**Exercise details**
Copy the data that appears below exactly. Drop the pictures.
***** Data
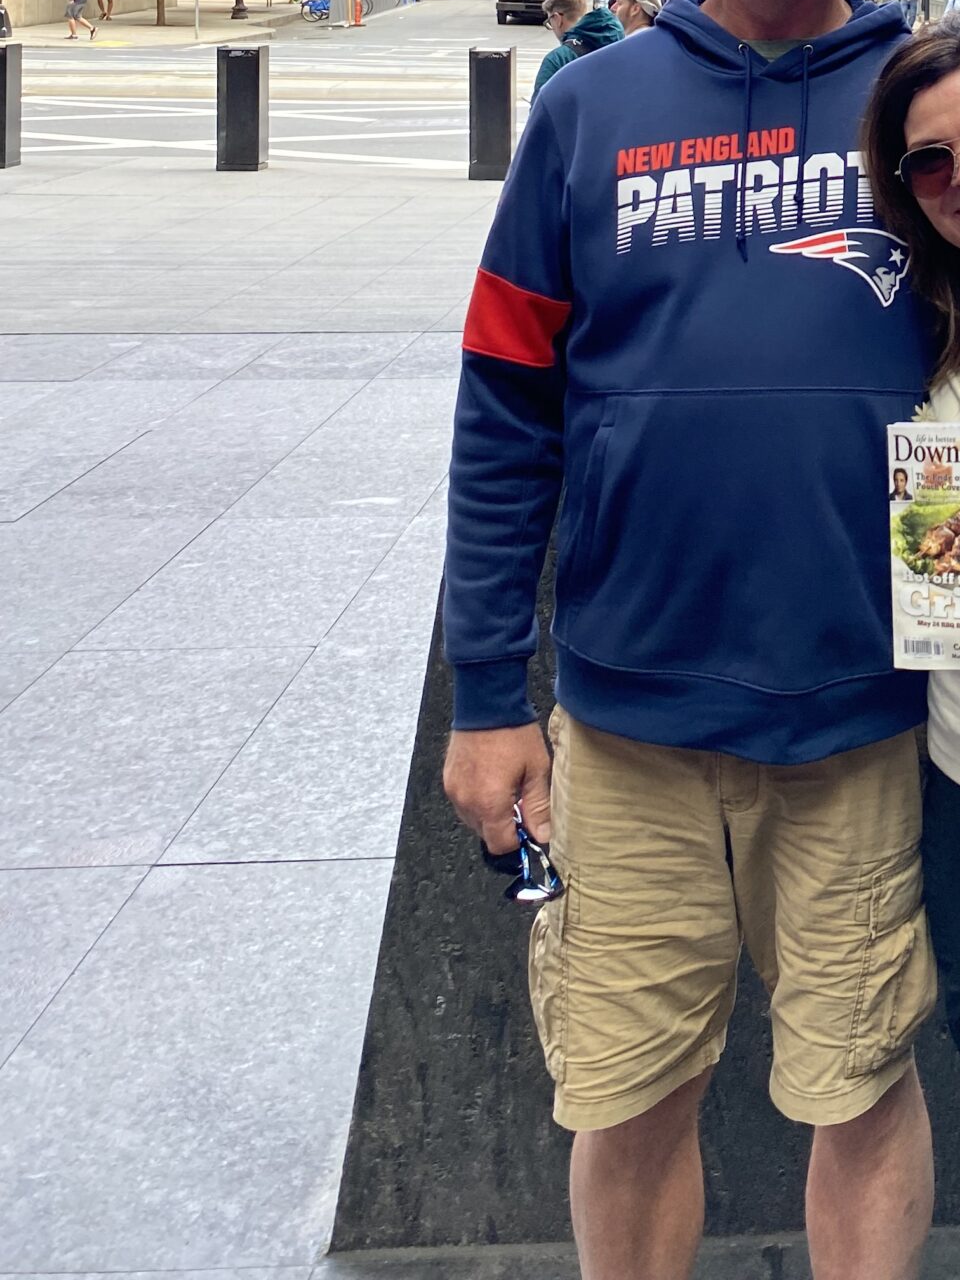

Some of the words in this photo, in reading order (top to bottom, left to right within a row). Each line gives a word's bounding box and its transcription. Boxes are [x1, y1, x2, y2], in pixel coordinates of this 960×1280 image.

[617, 141, 675, 176] NEW
[680, 127, 795, 165] ENGLAND
[616, 151, 875, 255] PATRIOT
[915, 434, 927, 443] life
[915, 473, 931, 481] The
[941, 482, 960, 491] Cove
[903, 570, 930, 583] Hot
[932, 572, 955, 585] off
[917, 620, 931, 628] May
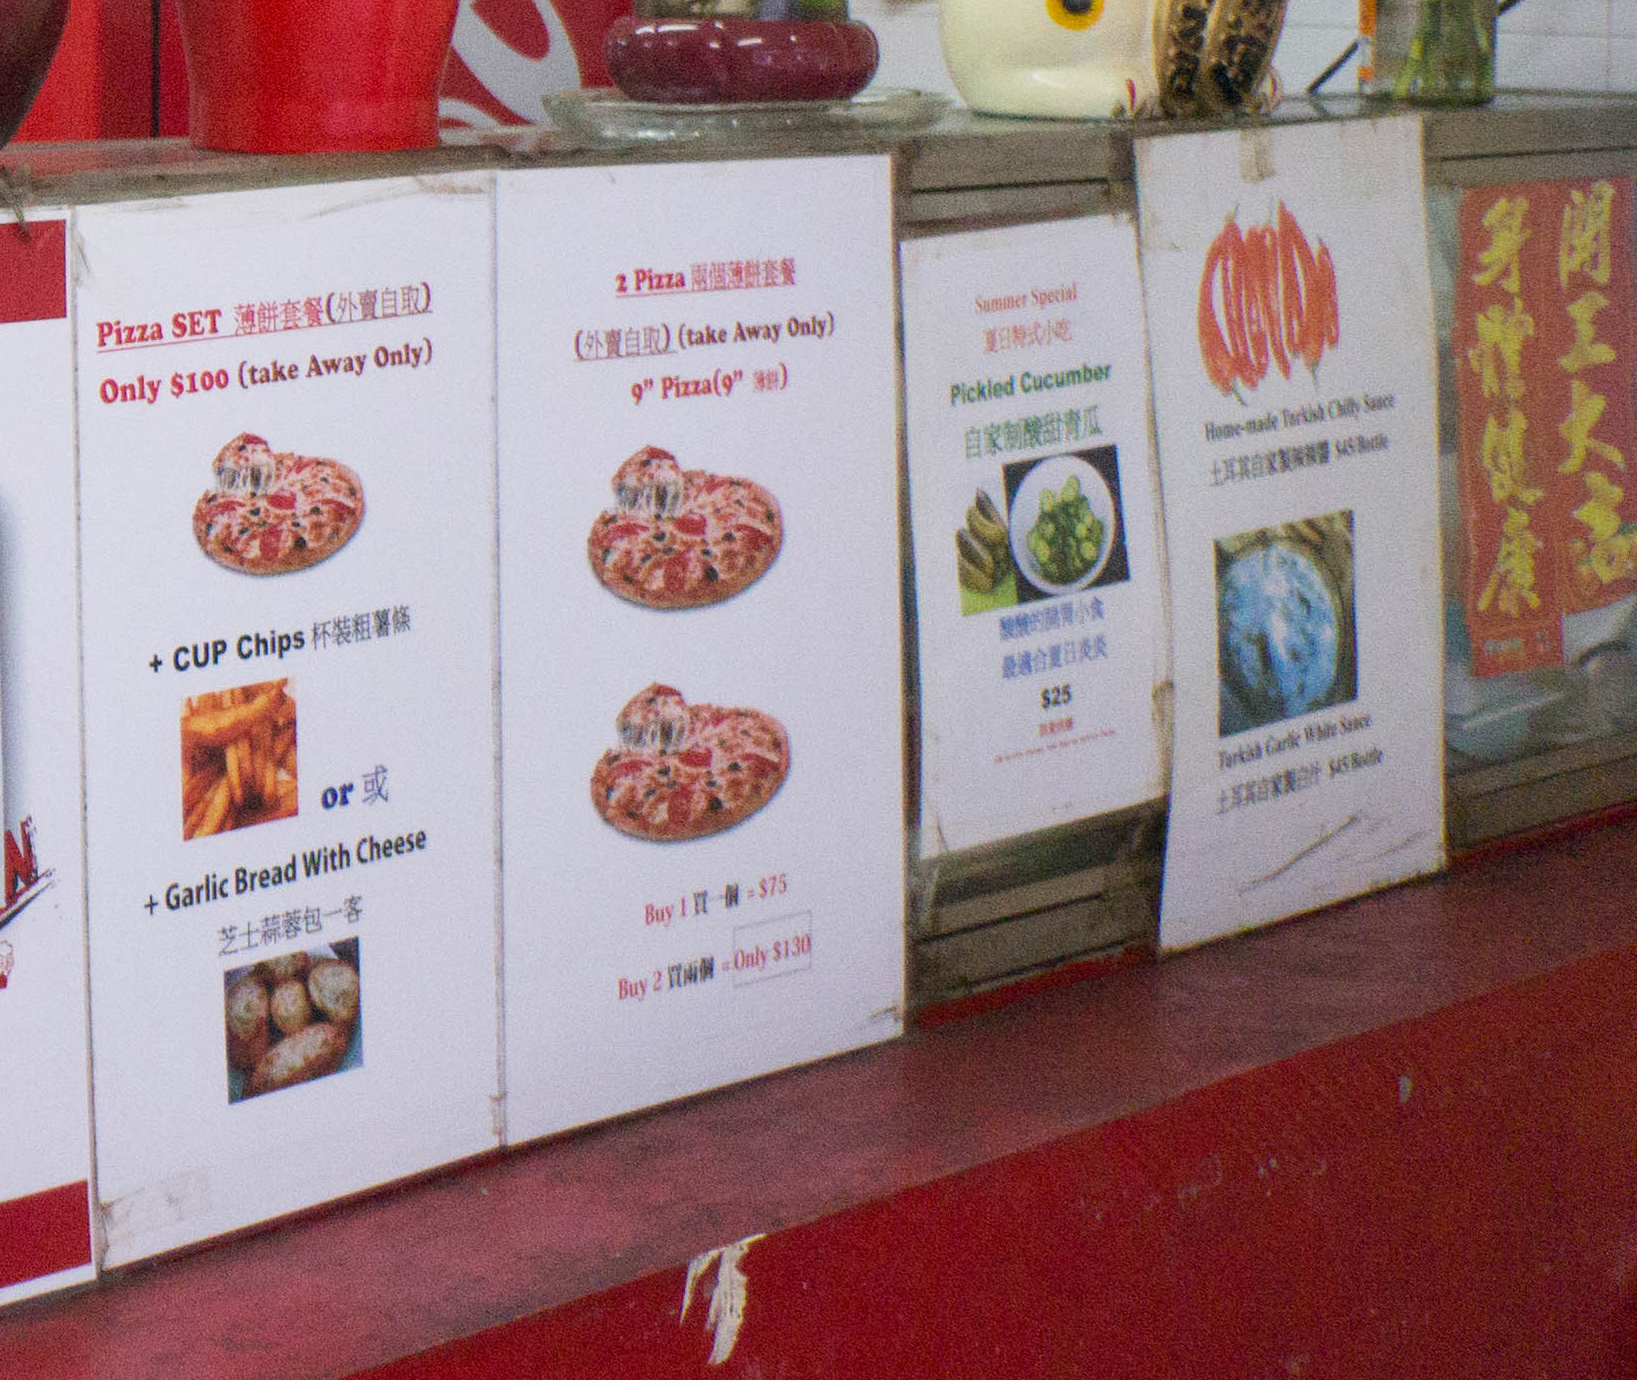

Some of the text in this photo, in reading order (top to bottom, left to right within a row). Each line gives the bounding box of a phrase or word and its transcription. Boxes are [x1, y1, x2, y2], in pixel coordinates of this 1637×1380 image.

[614, 272, 628, 294] 2
[633, 267, 686, 292] Pizza
[974, 282, 1078, 315] Summer Special
[96, 318, 163, 348] Pizza
[170, 308, 223, 338] SET
[677, 322, 728, 349] (take
[732, 319, 783, 344] Away
[786, 310, 835, 340] Only)
[98, 336, 433, 404] Only $100 (take Away Only)
[948, 362, 1113, 407] Pickled Cucumber
[1203, 410, 1278, 443] Home-made
[1280, 403, 1326, 430] Turkish
[1361, 391, 1396, 413] Sauce
[148, 653, 163, 673] +
[172, 638, 228, 672] CUP
[236, 629, 306, 661] Chips
[1039, 683, 1073, 710] $25
[1217, 712, 1373, 772] Turkish Garlic White Sauce
[321, 763, 390, 811] or 或
[143, 828, 428, 916] + Garlic Bread With Cheese
[644, 902, 675, 930] Buy
[757, 872, 788, 900] $75
[217, 893, 364, 958] 芝士蒜蓉包一客
[617, 975, 648, 1003] Buy
[652, 969, 663, 992] 2
[733, 944, 768, 972] Only
[772, 932, 812, 963] $130
**********
**Response**
Some of the words in this photo, in reading order (top to bottom, left to right within a row). Each line gives a word's bounding box and its transcription. Boxes are [x1, y1, x2, y2], in pixel coordinates of this 960×1280 image.

[617, 141, 675, 176] NEW
[680, 127, 795, 165] ENGLAND
[616, 151, 875, 255] PATRIOT
[915, 434, 927, 443] life
[915, 473, 931, 481] The
[941, 482, 960, 491] Cove
[903, 570, 930, 583] Hot
[932, 572, 955, 585] off
[917, 620, 931, 628] May

Some of the text in this photo, in reading order (top to bottom, left to right within a row). Each line gives the bounding box of a phrase or word and its transcription. Boxes are [x1, y1, x2, y2], in pixel coordinates of this 1637×1380 image.

[614, 272, 628, 294] 2
[633, 267, 686, 292] Pizza
[974, 282, 1078, 315] Summer Special
[96, 318, 163, 348] Pizza
[170, 308, 223, 338] SET
[677, 322, 728, 349] (take
[732, 319, 783, 344] Away
[786, 310, 835, 340] Only)
[98, 336, 433, 404] Only $100 (take Away Only)
[948, 362, 1113, 407] Pickled Cucumber
[1203, 410, 1278, 443] Home-made
[1280, 403, 1326, 430] Turkish
[1361, 391, 1396, 413] Sauce
[148, 653, 163, 673] +
[172, 638, 228, 672] CUP
[236, 629, 306, 661] Chips
[1039, 683, 1073, 710] $25
[1217, 712, 1373, 772] Turkish Garlic White Sauce
[321, 763, 390, 811] or 或
[143, 828, 428, 916] + Garlic Bread With Cheese
[644, 902, 675, 930] Buy
[757, 872, 788, 900] $75
[217, 893, 364, 958] 芝士蒜蓉包一客
[617, 975, 648, 1003] Buy
[652, 969, 663, 992] 2
[733, 944, 768, 972] Only
[772, 932, 812, 963] $130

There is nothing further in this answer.